§ **BRIEF**:
When you repeat the listing below, keep every word exactly and leave out each picture.
★ ★ ★
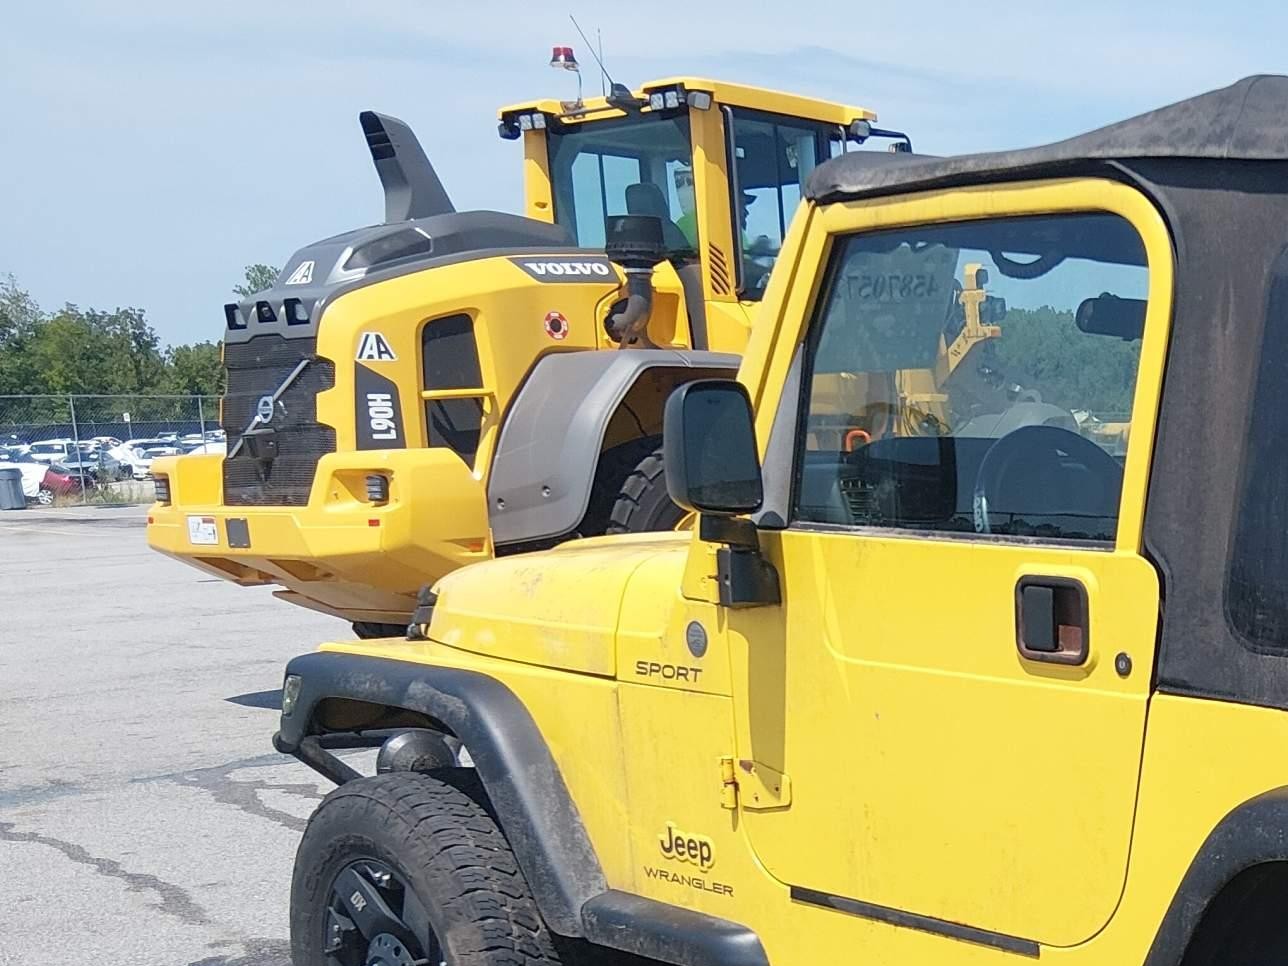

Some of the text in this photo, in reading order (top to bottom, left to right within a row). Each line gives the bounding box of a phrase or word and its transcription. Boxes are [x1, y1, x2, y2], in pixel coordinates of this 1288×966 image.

[524, 262, 609, 275] VOLVO
[366, 393, 397, 440] L90H
[636, 660, 703, 682] SPORT
[660, 826, 711, 867] Jeep
[643, 866, 734, 897] WRANGLER
★ ★ ★
§ **OUTPUT**:
Some of the text in this photo, in reading order (top to bottom, left to right within a row). Each line gives the bounding box of a phrase or word and its transcription. Boxes are [x1, y1, x2, y2], in pixel coordinates of this 1288×966 image.

[524, 262, 609, 275] VOLVO
[366, 393, 397, 440] L90H
[636, 660, 703, 682] SPORT
[660, 826, 711, 867] Jeep
[643, 866, 734, 897] WRANGLER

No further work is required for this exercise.